Eliminating wildfire risk entirely may not be possible for many communities, but it can be significantly reduced. Governments can use a range of tools and approaches to step up wildfire adaptation efforts. That toolkit has three main dimensions:

  1. Minimize risk in new developments: Governments can reduce future wildfire risk by managing where and how new developments are built. Provincial and territorial governments can play a central role by strengthening land use policies to limit development in areas with very high wildfire risk, redirecting it to areas of low risk. The federal government can take similar steps on federal lands, including national parks. Federal and provincial governments can also update building codes to mandate fire-smart design, construction, and landscaping. Municipalities, when granted the authority, can use zoning bylaws and regulations to enforce more stringent local standards for where and how homes are constructed. 
  1. Retrofit existing homes and buildings to be FireSmart: Protecting existing homes and buildings in wildfire-prone areas is also critical, but it is costlier and more complex. All orders of government can invest in retrofitting existing at-risk homes and buildings with fire-resistant materials and defensible spaces by scaling up programs like FireSmart. Expanding these efforts from individual properties to entire neighbourhoods and community scales can make all the difference between survivable fires and catastrophic losses.
  1. Invest in landscape-level wildfire risk reduction: Provinces and territories play a central role in managing wildfire risk across broader landscapes, while the federal government does the same on federal lands. These governments can implement forest management programs—fuel thinning, prescribed burns, and fire breaks—to reduce fire intensity and spread, especially near urban areas. At the same time, governments can support traditional fire stewardship practices by Indigenous communities, such as cultural burning, which have been successfully used as a tool for managing landscapes and protecting communities for centuries. Scaling up these landscape-level actions will require unprecedented collaboration and funding—and sometimes departures from conventional forest management approaches—but they are critical to adaptation efforts in the face of growing wildfire threats.

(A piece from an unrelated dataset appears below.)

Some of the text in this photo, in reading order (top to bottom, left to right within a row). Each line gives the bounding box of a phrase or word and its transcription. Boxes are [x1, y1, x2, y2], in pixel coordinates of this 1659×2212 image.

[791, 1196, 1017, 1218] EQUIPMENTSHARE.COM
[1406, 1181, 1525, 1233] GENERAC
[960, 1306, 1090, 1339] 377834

From crisis to action: combining tools at all scales

The rising frequency and intensity of wildfires demand a coordinated and urgent response among all orders of government—regulating new development, retrofitting existing homes and neighbourhoods, and managing forested landscapes. 

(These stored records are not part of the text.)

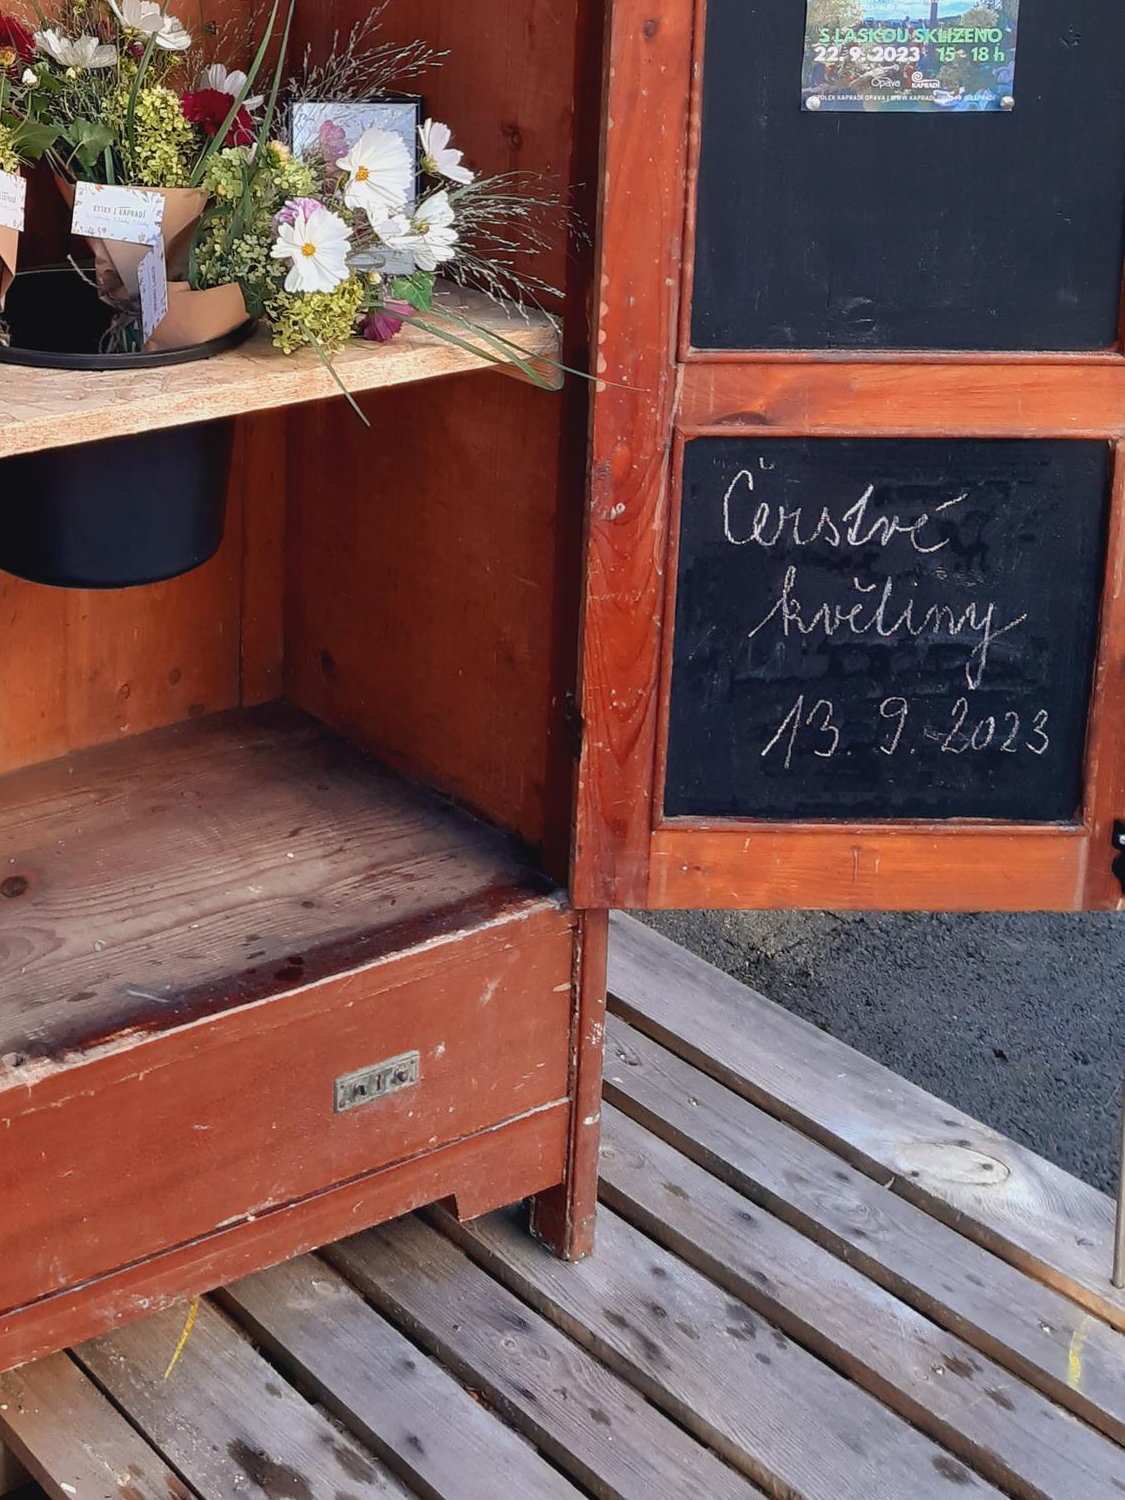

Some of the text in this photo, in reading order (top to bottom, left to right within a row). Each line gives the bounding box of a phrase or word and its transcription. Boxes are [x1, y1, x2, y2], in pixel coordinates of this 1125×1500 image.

[813, 46, 845, 62] 22.
[869, 46, 921, 62] 2023
[937, 46, 956, 62] 15
[971, 46, 990, 62] 18
[993, 45, 1005, 62] h
[819, 28, 831, 43] S
[912, 28, 1004, 43] SKLIZENO
[870, 77, 901, 89] Opava
[723, 457, 969, 553] Čerstvé
[748, 565, 1028, 691] květiny
[940, 697, 1050, 756] 2023
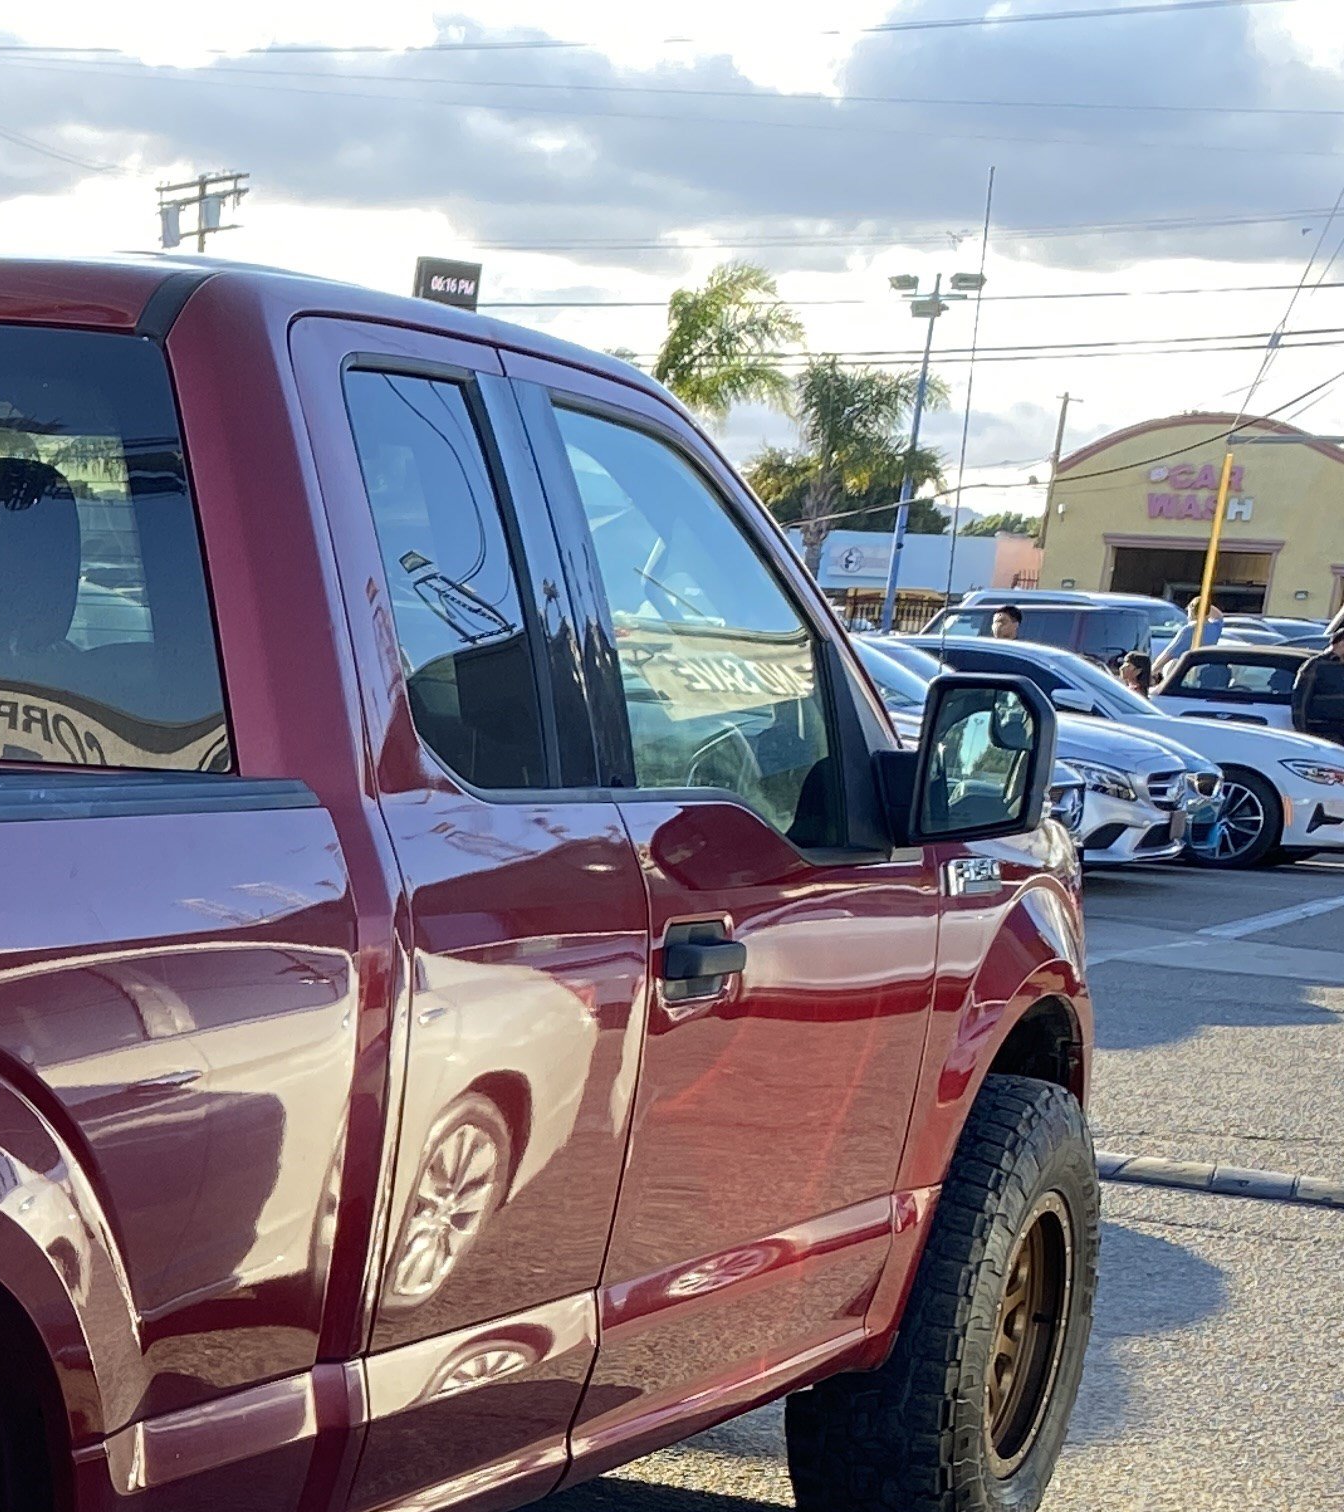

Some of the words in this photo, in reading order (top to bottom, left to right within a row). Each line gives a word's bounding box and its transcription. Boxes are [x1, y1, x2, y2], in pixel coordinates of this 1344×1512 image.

[458, 279, 475, 295] PM
[1170, 464, 1244, 491] CAR
[1148, 493, 1253, 521] WASH

Failure to act will come at an ever-growing cost. Out-of-control wildfires, fuelled by climate change, are increasingly common—and the 2025 wildfire season will be here before we know it. The devastation in Los Angeles is another horrific indication of what can happen when runaway wildfires strike populated areas. For Canadian policy makers, both Los Angeles’ and Jasper’s recent experiences present a clear warning: fragmented approaches and inadequate preparation leave communities exposed. By using the full range of tools available, governments and communities in wildfire-prone areas can be better prepared and reduce the risks from future wildfires.